**Work instruction**
Reproduce the data below in full and exclude every picture.

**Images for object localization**
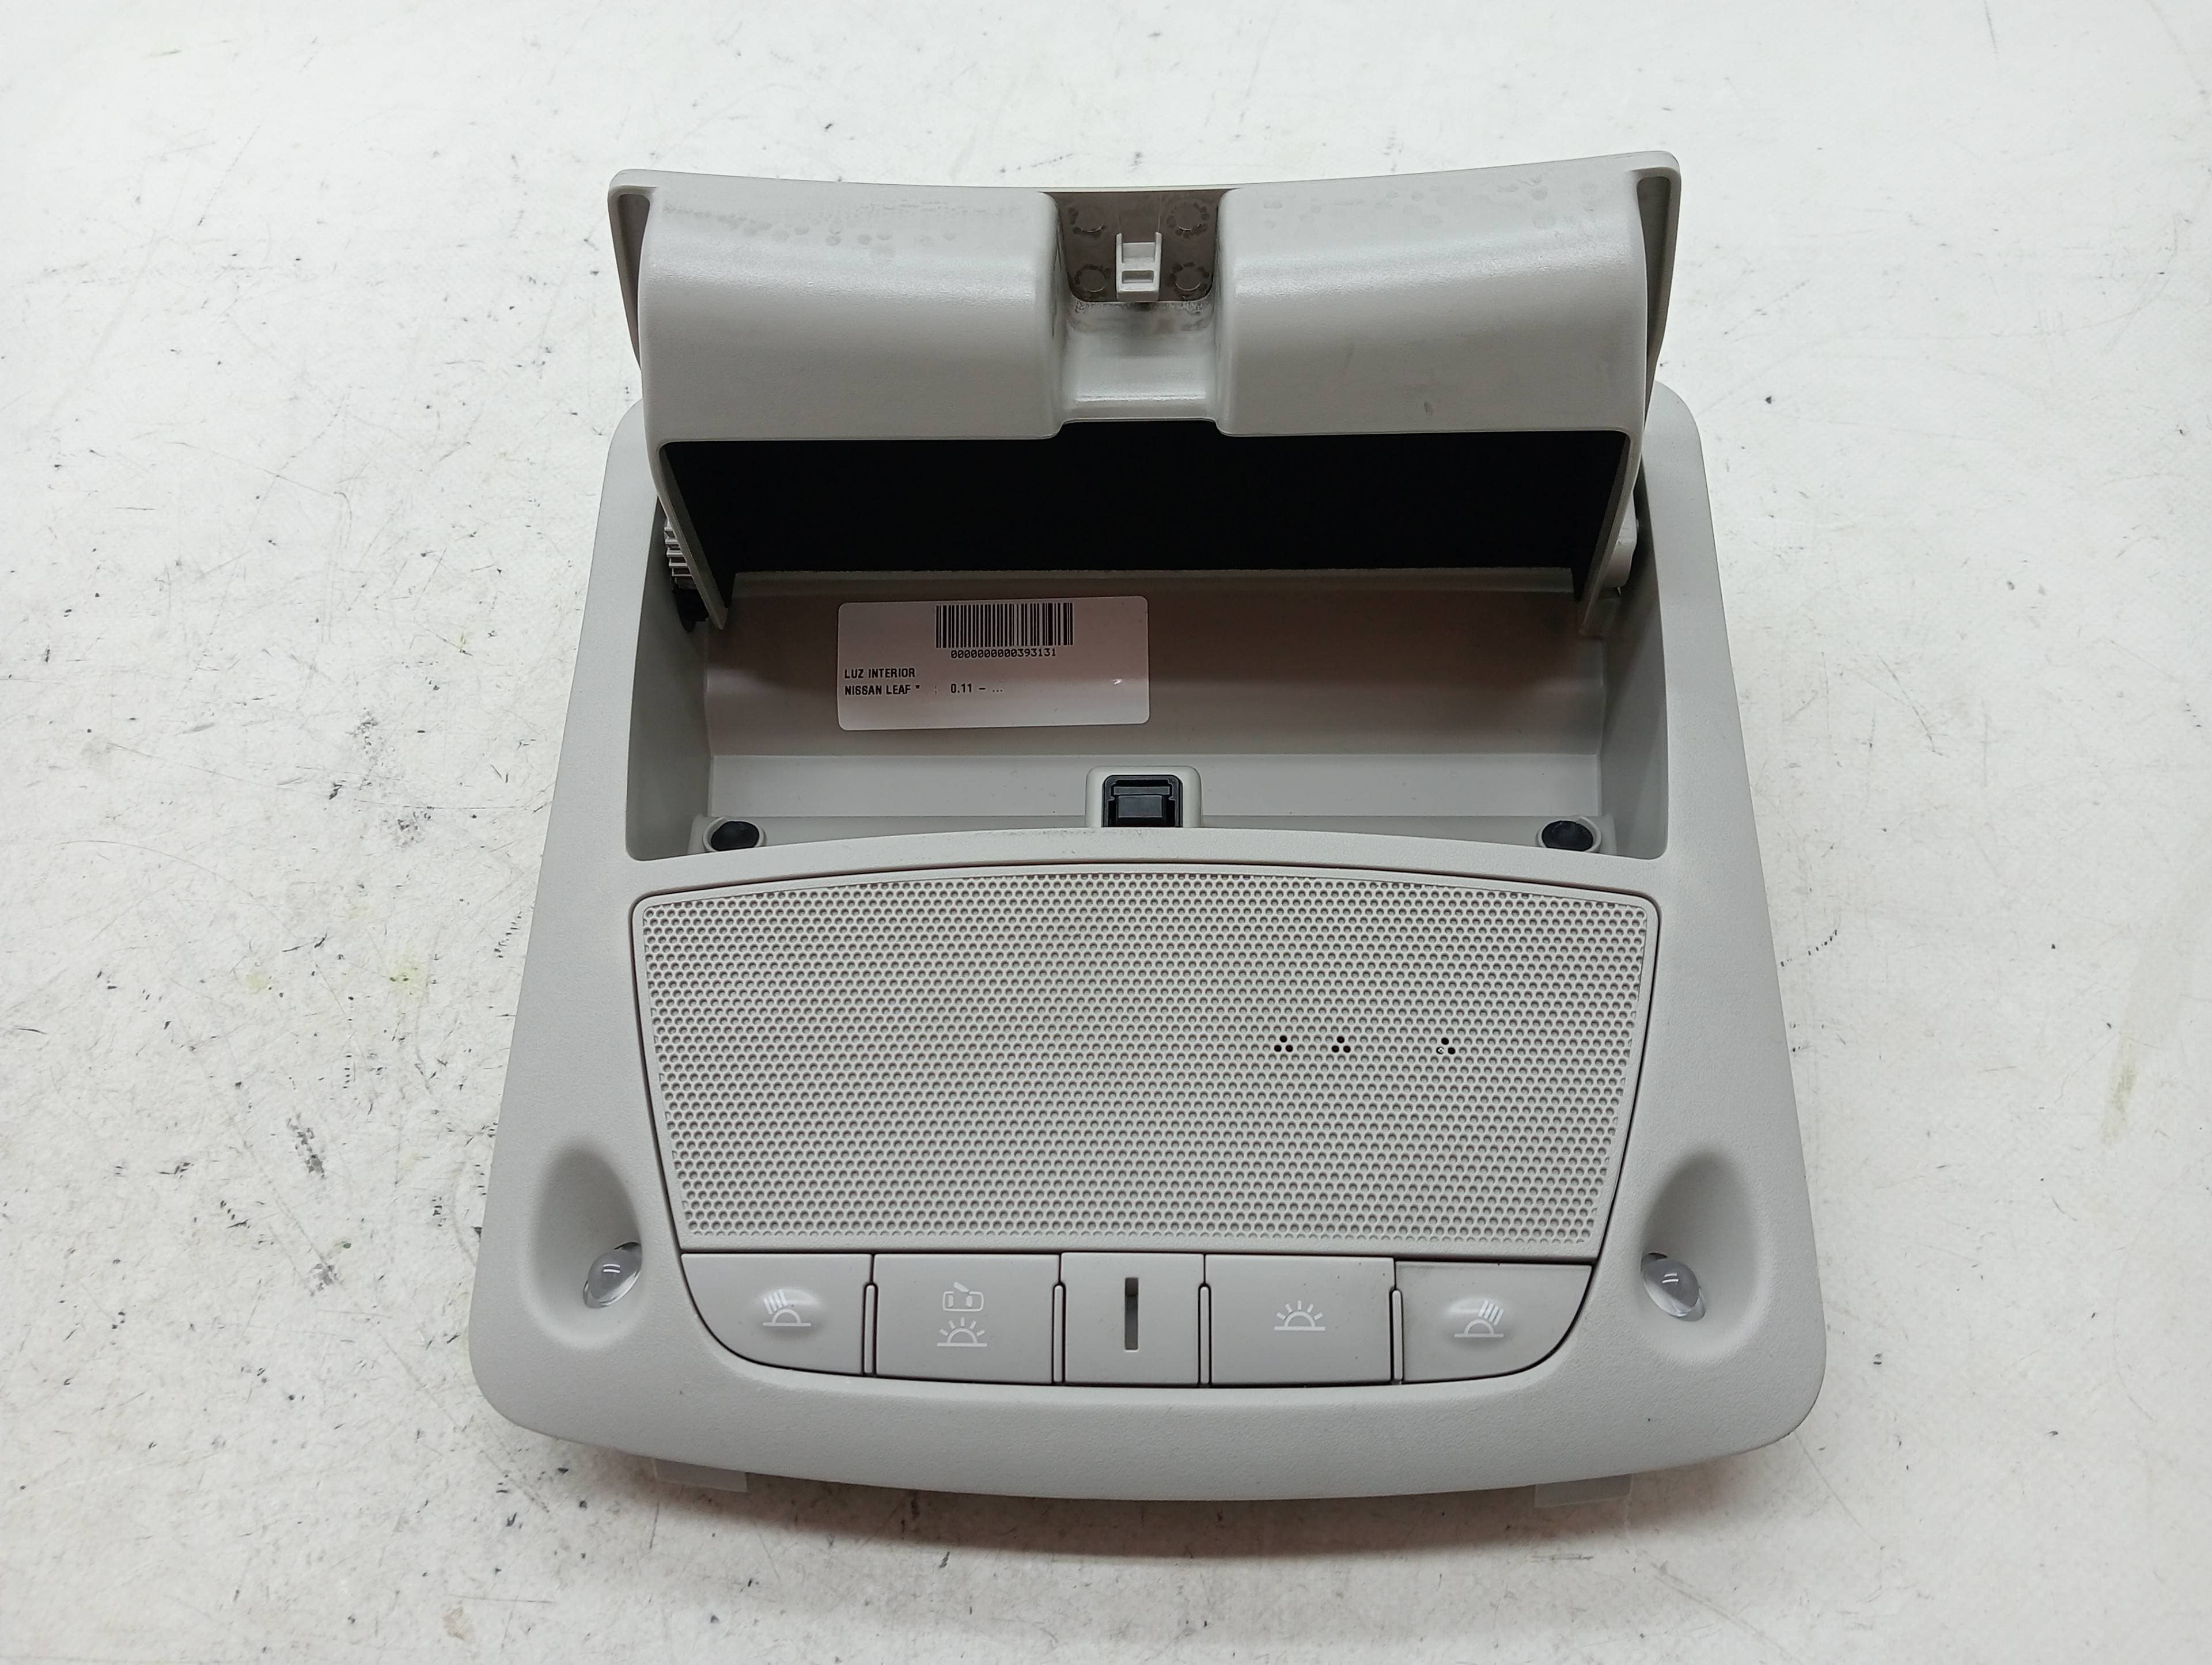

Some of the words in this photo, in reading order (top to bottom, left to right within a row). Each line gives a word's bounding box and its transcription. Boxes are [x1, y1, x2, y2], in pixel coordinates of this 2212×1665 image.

[950, 648, 1056, 658] 0000000000393131
[844, 669, 864, 678] LUZ
[868, 667, 915, 678] INTERIOR
[844, 685, 882, 695] NISSAN
[886, 684, 911, 695] LEAF
[950, 683, 972, 693] 0.11
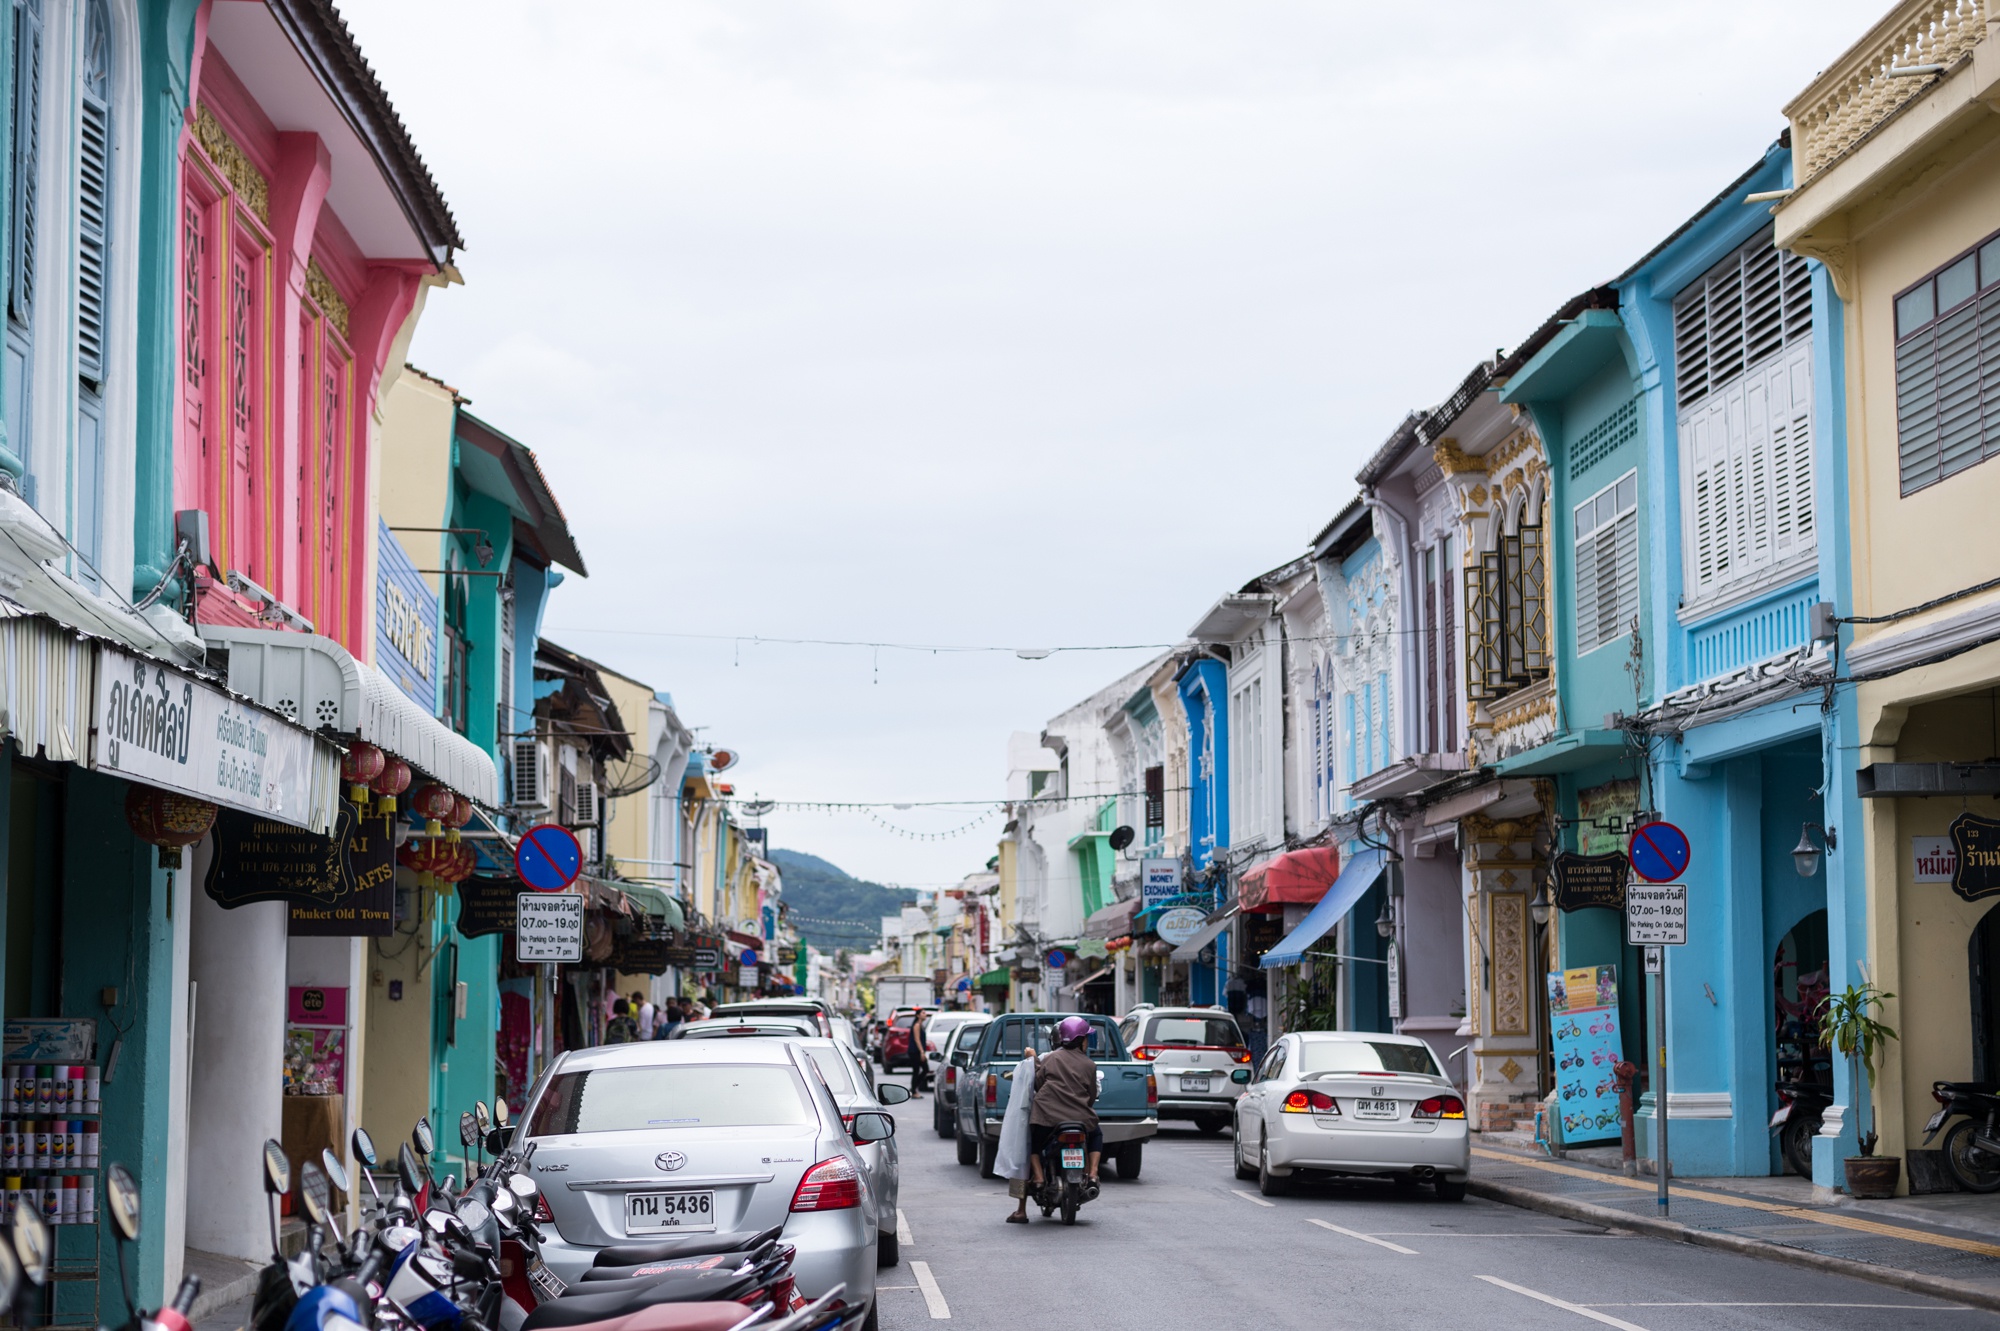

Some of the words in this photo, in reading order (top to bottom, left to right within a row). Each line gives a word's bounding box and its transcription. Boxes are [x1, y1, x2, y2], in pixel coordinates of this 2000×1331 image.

[1967, 829, 1979, 838] 133
[356, 862, 393, 892] AFTS
[1150, 874, 1174, 883] MONEY
[1144, 885, 1180, 895] EXCHANGE
[1629, 886, 1684, 900] ห้ามจอดวันคี่
[521, 898, 580, 917] ห้ามจอดวันคู่
[1630, 905, 1683, 916] 07.00-19.00
[292, 908, 332, 920] Phuket
[335, 908, 355, 920] Old
[360, 908, 390, 920] Town
[521, 917, 579, 929] 07.00-19.00
[1637, 921, 1654, 929] Parking
[1674, 921, 1684, 930] Day
[520, 935, 528, 943] No
[529, 935, 547, 944] Parking
[548, 935, 556, 943] On
[557, 935, 568, 943] Even
[570, 935, 579, 944] Day
[1636, 931, 1641, 939] 7
[1661, 931, 1667, 939] 7
[528, 946, 533, 955] 7
[556, 946, 561, 955] 7
[562, 948, 572, 956] pm
[1374, 1101, 1396, 1111] 4813
[537, 1164, 569, 1172] VIOS
[632, 1197, 658, 1216] กน
[664, 1195, 710, 1215] 5436

**Solution to this exercise**
Some of the words in this photo, in reading order (top to bottom, left to right within a row). Each line gives a word's bounding box and its transcription. Boxes are [x1, y1, x2, y2], in pixel coordinates of this 2212×1665 image.

[950, 648, 1056, 658] 0000000000393131
[844, 669, 864, 678] LUZ
[868, 667, 915, 678] INTERIOR
[844, 685, 882, 695] NISSAN
[886, 684, 911, 695] LEAF
[950, 683, 972, 693] 0.11

Some of the words in this photo, in reading order (top to bottom, left to right within a row). Each line gives a word's bounding box and its transcription. Boxes are [x1, y1, x2, y2], in pixel coordinates of this 2000×1331 image.

[1967, 829, 1979, 838] 133
[356, 862, 393, 892] AFTS
[1150, 874, 1174, 883] MONEY
[1144, 885, 1180, 895] EXCHANGE
[1629, 886, 1684, 900] ห้ามจอดวันคี่
[521, 898, 580, 917] ห้ามจอดวันคู่
[1630, 905, 1683, 916] 07.00-19.00
[292, 908, 332, 920] Phuket
[335, 908, 355, 920] Old
[360, 908, 390, 920] Town
[521, 917, 579, 929] 07.00-19.00
[1637, 921, 1654, 929] Parking
[1674, 921, 1684, 930] Day
[520, 935, 528, 943] No
[529, 935, 547, 944] Parking
[548, 935, 556, 943] On
[557, 935, 568, 943] Even
[570, 935, 579, 944] Day
[1636, 931, 1641, 939] 7
[1661, 931, 1667, 939] 7
[528, 946, 533, 955] 7
[556, 946, 561, 955] 7
[562, 948, 572, 956] pm
[1374, 1101, 1396, 1111] 4813
[537, 1164, 569, 1172] VIOS
[632, 1197, 658, 1216] กน
[664, 1195, 710, 1215] 5436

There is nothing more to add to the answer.